[Collected data]
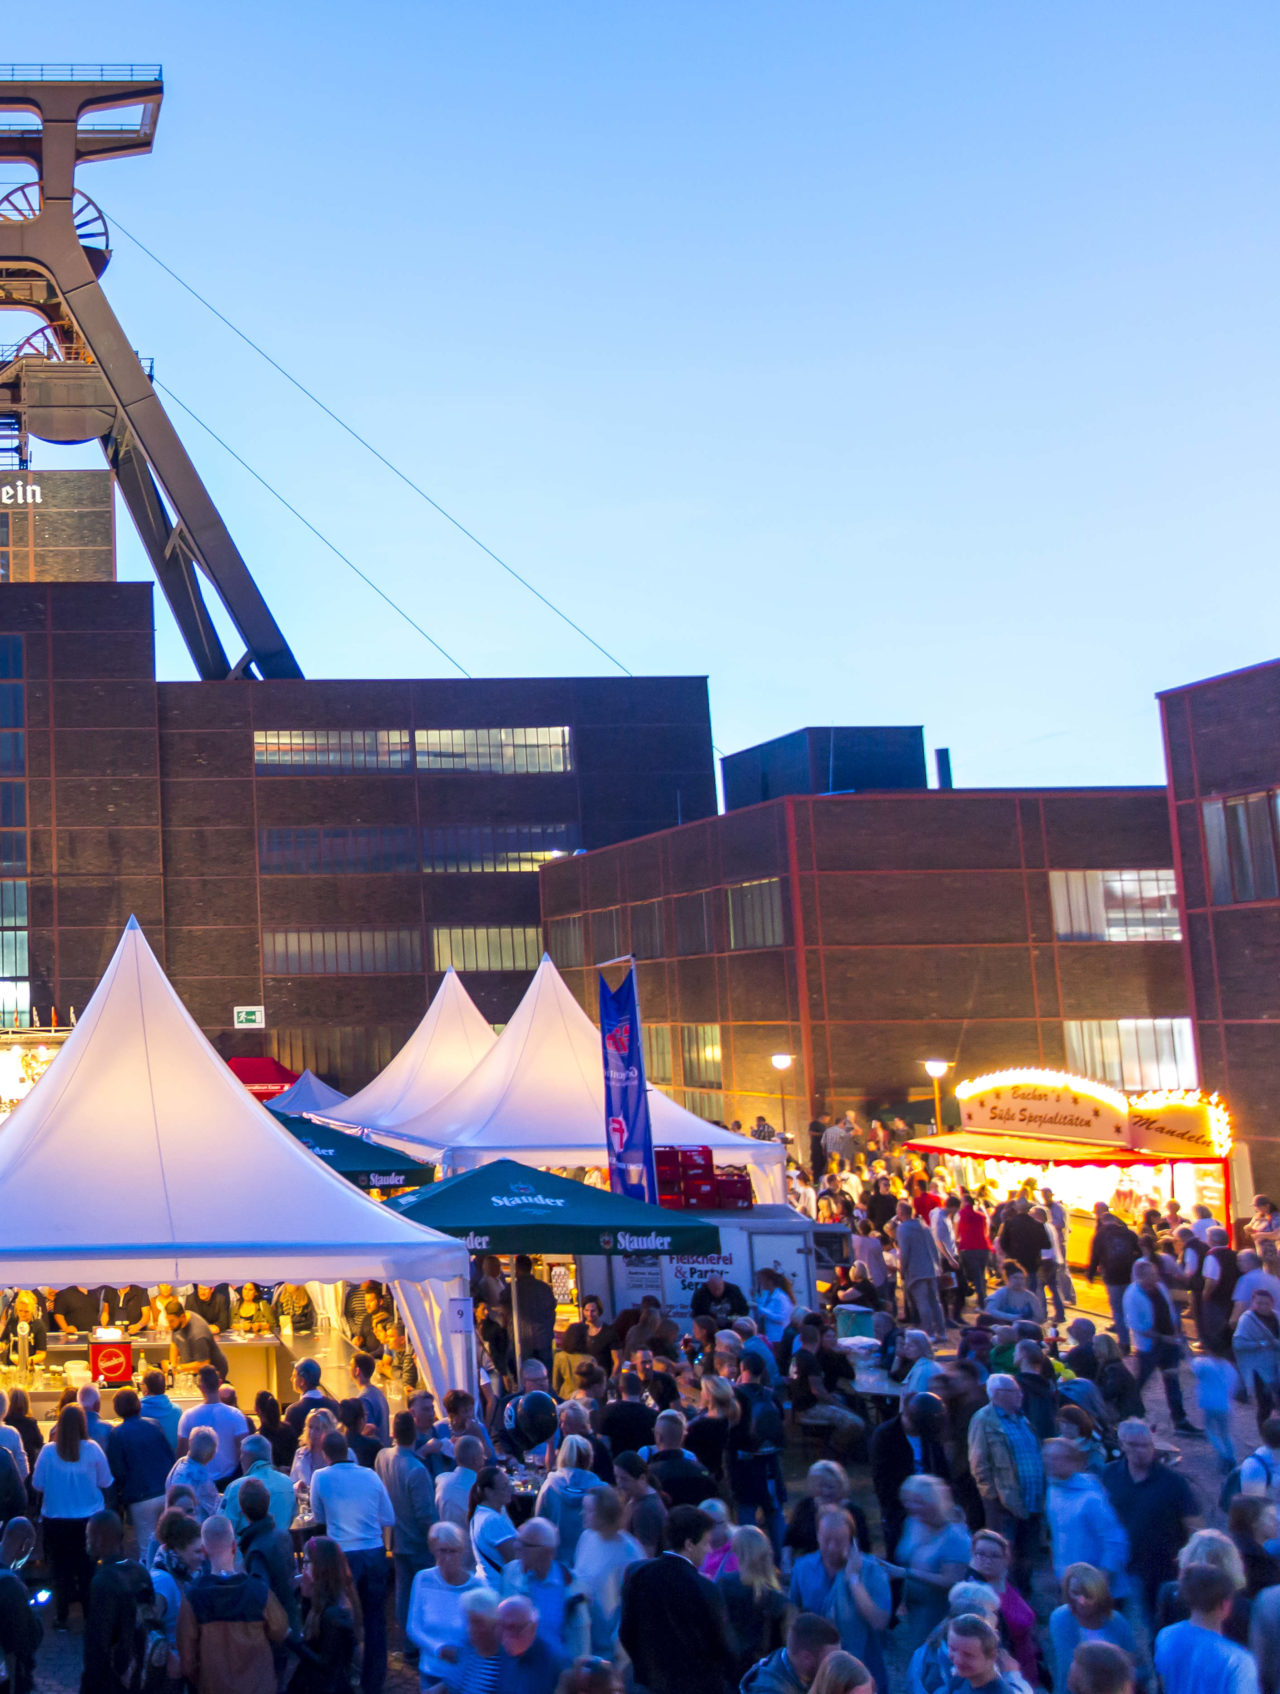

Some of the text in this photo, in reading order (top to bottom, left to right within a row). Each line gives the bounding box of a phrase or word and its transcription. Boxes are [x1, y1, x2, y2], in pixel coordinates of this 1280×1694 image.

[1018, 1107, 1092, 1128] Spezialitäten
[1132, 1114, 1212, 1148] Mandeln
[369, 1172, 405, 1187] Stauder
[490, 1194, 566, 1207] Stauder
[617, 1231, 672, 1252] Stauder
[669, 1253, 733, 1265] Fleischerei
[674, 1266, 687, 1280] &
[457, 1309, 464, 1319] 9

**TASK ITEM:** Give the data again word for word, without images.

**OUTPUT FOR THIS TASK:**
Some of the text in this photo, in reading order (top to bottom, left to right within a row). Each line gives the bounding box of a phrase or word and its transcription. Boxes are [x1, y1, x2, y2], in pixel coordinates of this 1280×1694 image.

[1018, 1107, 1092, 1128] Spezialitäten
[1132, 1114, 1212, 1148] Mandeln
[369, 1172, 405, 1187] Stauder
[490, 1194, 566, 1207] Stauder
[617, 1231, 672, 1252] Stauder
[669, 1253, 733, 1265] Fleischerei
[674, 1266, 687, 1280] &
[457, 1309, 464, 1319] 9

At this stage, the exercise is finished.